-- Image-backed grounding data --
▬▬▬▬▬▬▬▬▬▬
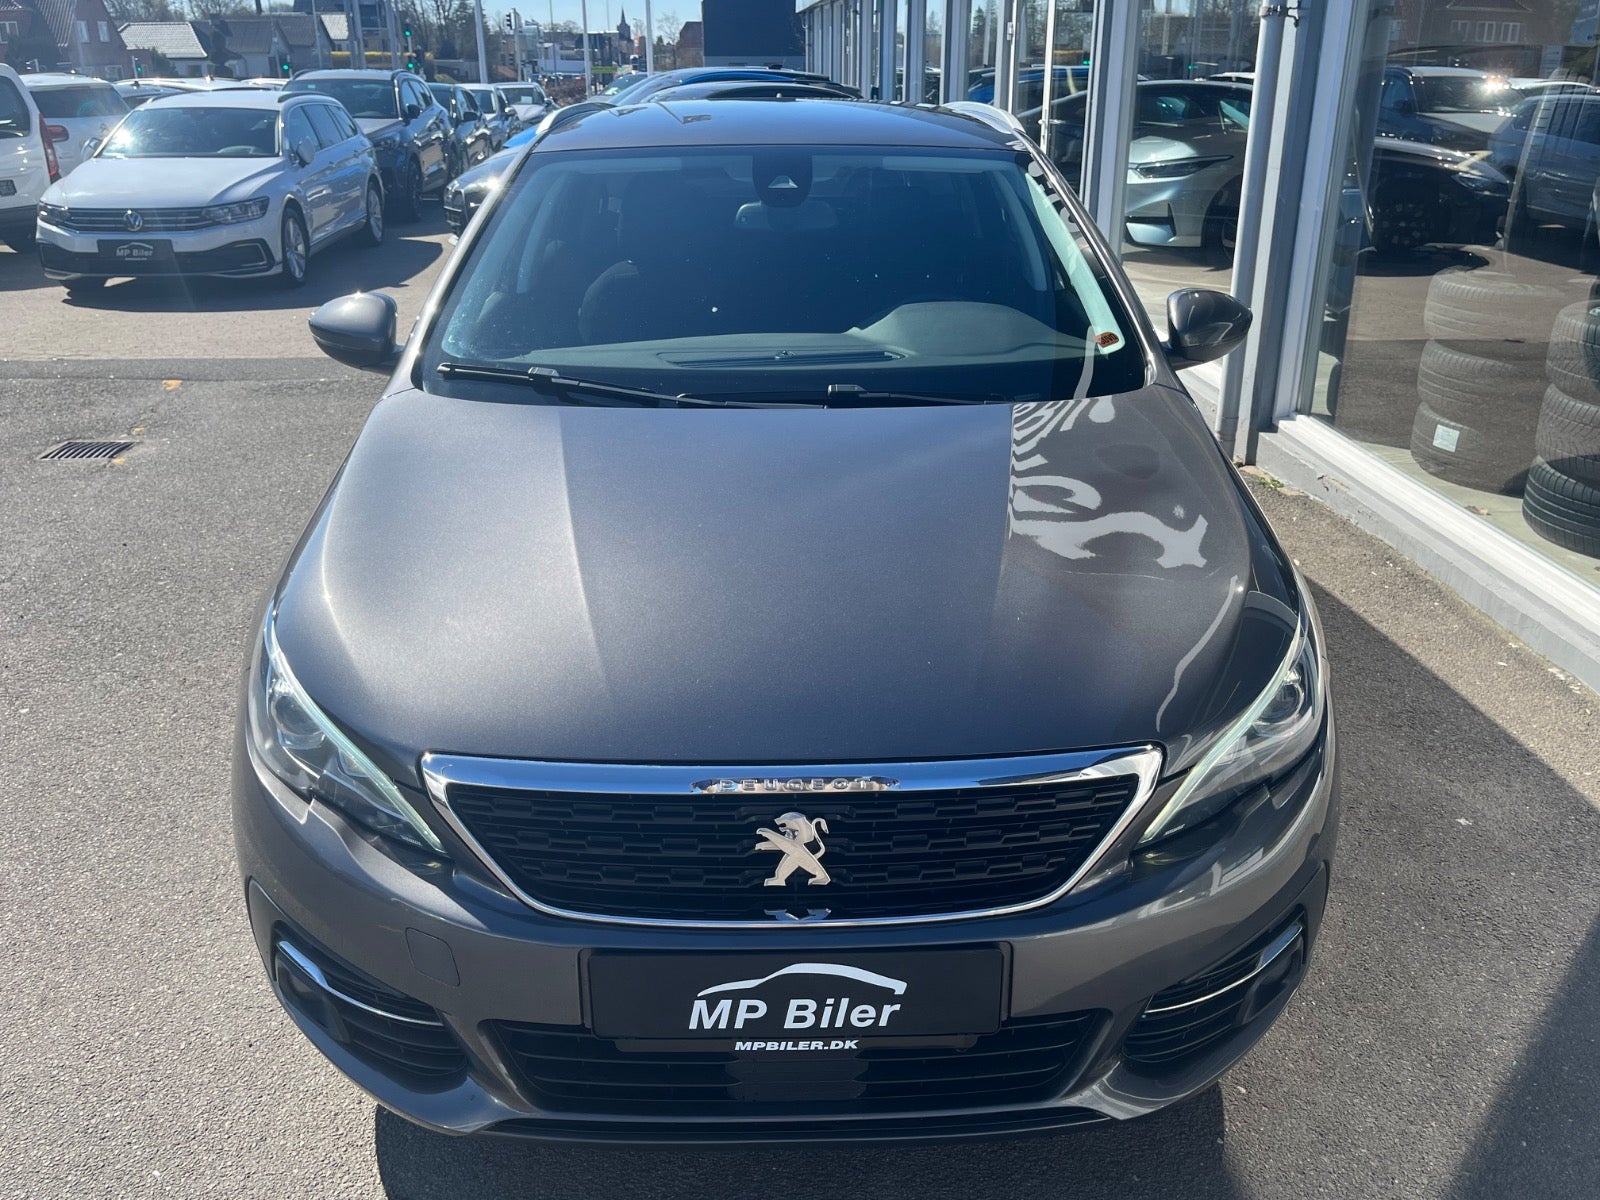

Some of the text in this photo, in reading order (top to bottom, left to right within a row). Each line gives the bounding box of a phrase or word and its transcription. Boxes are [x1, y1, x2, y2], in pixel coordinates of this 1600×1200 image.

[718, 777, 871, 791] PEUGEOT
[688, 997, 901, 1030] MP Biler
[734, 1039, 860, 1051] MPBILER.DK
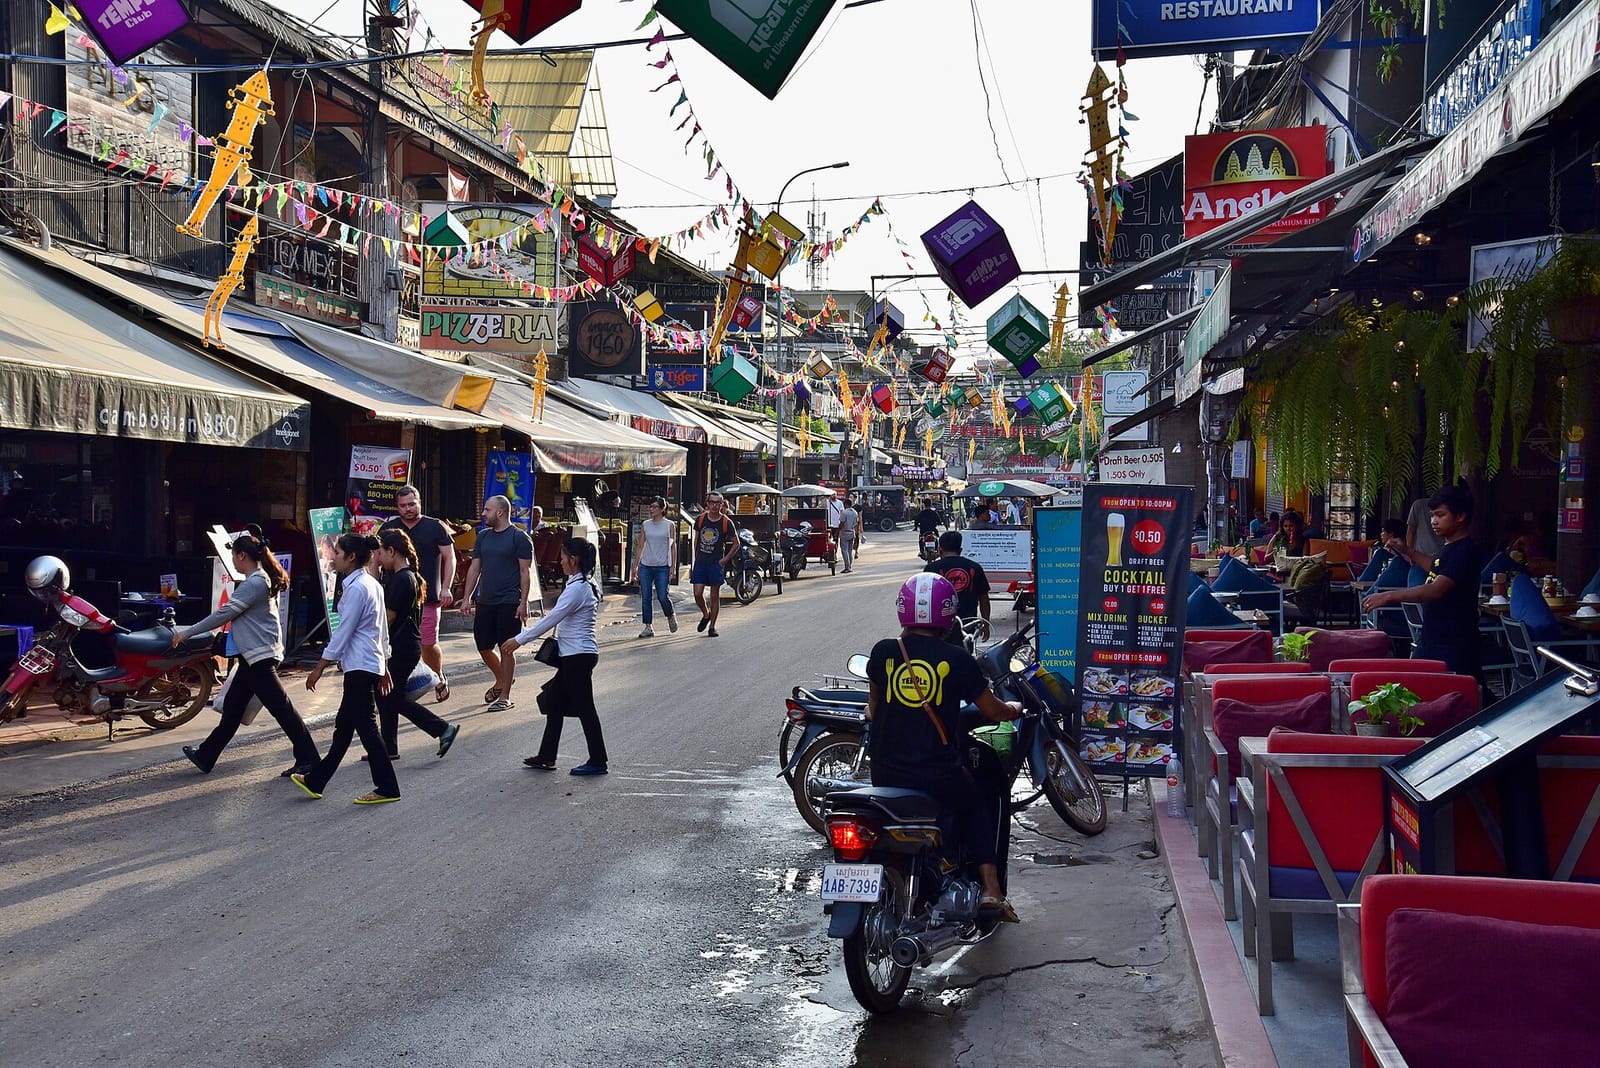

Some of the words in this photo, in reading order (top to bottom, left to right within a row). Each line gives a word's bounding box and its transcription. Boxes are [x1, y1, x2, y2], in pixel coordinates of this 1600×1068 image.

[1161, 0, 1294, 20] RESTAURANT
[125, 10, 152, 28] Club
[965, 253, 1008, 286] TEMPLE
[262, 278, 310, 312] TEX
[316, 293, 363, 325] MEX
[422, 311, 553, 344] PIZZERIA
[666, 370, 698, 386] Tiger
[99, 403, 197, 433] cambodian
[204, 412, 237, 439] BBQ
[1104, 455, 1122, 466] Draft
[1124, 455, 1141, 465] Beer
[1129, 470, 1146, 479] Only
[367, 490, 380, 498] BBQ
[1120, 499, 1136, 507] OPEN
[1145, 500, 1172, 508] 10:00PM
[1135, 530, 1161, 543] $0.50
[1149, 558, 1164, 566] BEER
[1104, 569, 1166, 585] COCKTAIL
[1103, 584, 1119, 592] BUY
[1127, 585, 1140, 593] GET
[1146, 585, 1166, 595] FREE
[1087, 613, 1102, 621] MIX
[1103, 614, 1128, 623] DRINK
[1138, 615, 1168, 624] BUCKET
[902, 676, 927, 685] TEPLE
[823, 878, 878, 893] 1AB-7396
▬▬▬▬▬▬▬▬▬▬
-- INSTRUCTIONS FOR THE TASK --
Leaving out the pictures, output each line above exactly as it is.

-- SOLUTION TO THE EXERCISE --
Some of the text in this photo, in reading order (top to bottom, left to right within a row). Each line gives the bounding box of a phrase or word and its transcription. Boxes are [x1, y1, x2, y2], in pixel coordinates of this 1600×1200 image.

[718, 777, 871, 791] PEUGEOT
[688, 997, 901, 1030] MP Biler
[734, 1039, 860, 1051] MPBILER.DK

Some of the words in this photo, in reading order (top to bottom, left to right within a row). Each line gives a word's bounding box and its transcription. Boxes are [x1, y1, x2, y2], in pixel coordinates of this 1600×1068 image.

[1161, 0, 1294, 20] RESTAURANT
[125, 10, 152, 28] Club
[965, 253, 1008, 286] TEMPLE
[262, 278, 310, 312] TEX
[316, 293, 363, 325] MEX
[422, 311, 553, 344] PIZZERIA
[666, 370, 698, 386] Tiger
[99, 403, 197, 433] cambodian
[204, 412, 237, 439] BBQ
[1104, 455, 1122, 466] Draft
[1124, 455, 1141, 465] Beer
[1129, 470, 1146, 479] Only
[367, 490, 380, 498] BBQ
[1120, 499, 1136, 507] OPEN
[1145, 500, 1172, 508] 10:00PM
[1135, 530, 1161, 543] $0.50
[1149, 558, 1164, 566] BEER
[1104, 569, 1166, 585] COCKTAIL
[1103, 584, 1119, 592] BUY
[1127, 585, 1140, 593] GET
[1146, 585, 1166, 595] FREE
[1087, 613, 1102, 621] MIX
[1103, 614, 1128, 623] DRINK
[1138, 615, 1168, 624] BUCKET
[902, 676, 927, 685] TEPLE
[823, 878, 878, 893] 1AB-7396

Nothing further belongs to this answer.